Problem description:
Write the following entries out again exactly, skipping each image.

"""

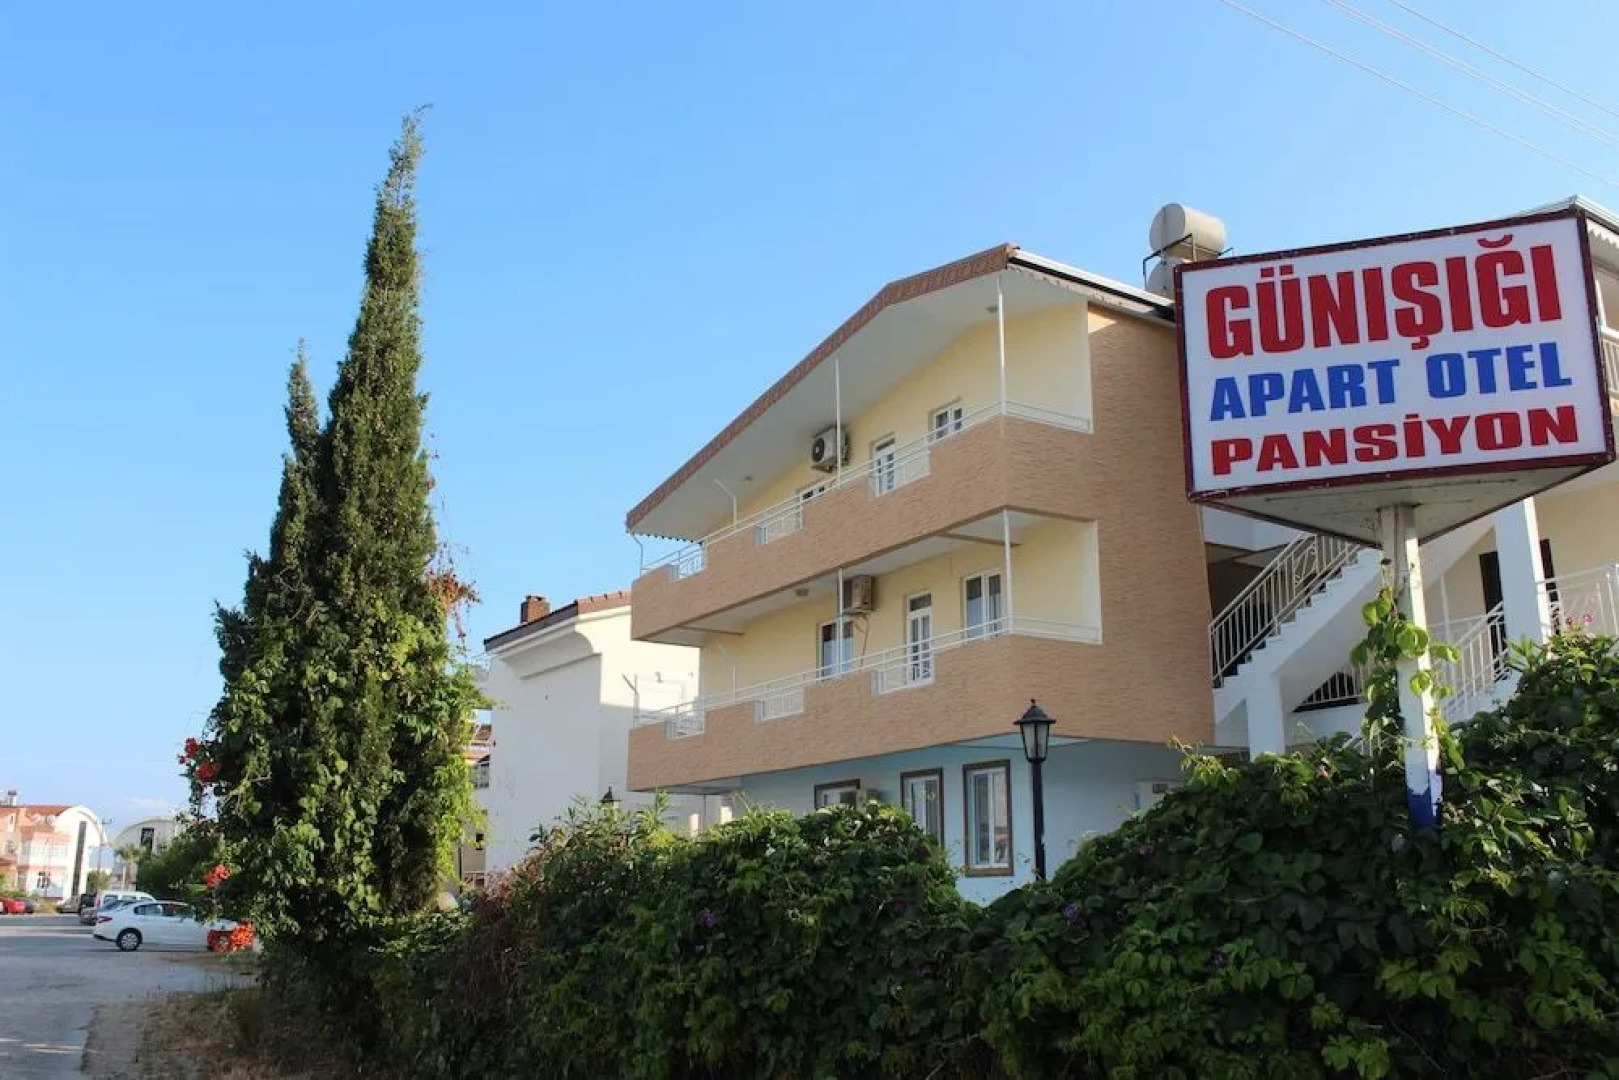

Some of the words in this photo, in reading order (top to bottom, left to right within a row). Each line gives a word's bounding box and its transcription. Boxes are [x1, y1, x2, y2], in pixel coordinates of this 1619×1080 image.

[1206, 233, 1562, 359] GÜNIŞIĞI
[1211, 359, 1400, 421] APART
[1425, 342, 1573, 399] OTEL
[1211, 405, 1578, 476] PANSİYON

"""

Written answer:
Some of the words in this photo, in reading order (top to bottom, left to right within a row). Each line gives a word's bounding box and its transcription. Boxes are [x1, y1, x2, y2], in pixel coordinates of this 1619×1080 image.

[1206, 233, 1562, 359] GÜNIŞIĞI
[1211, 359, 1400, 421] APART
[1425, 342, 1573, 399] OTEL
[1211, 405, 1578, 476] PANSİYON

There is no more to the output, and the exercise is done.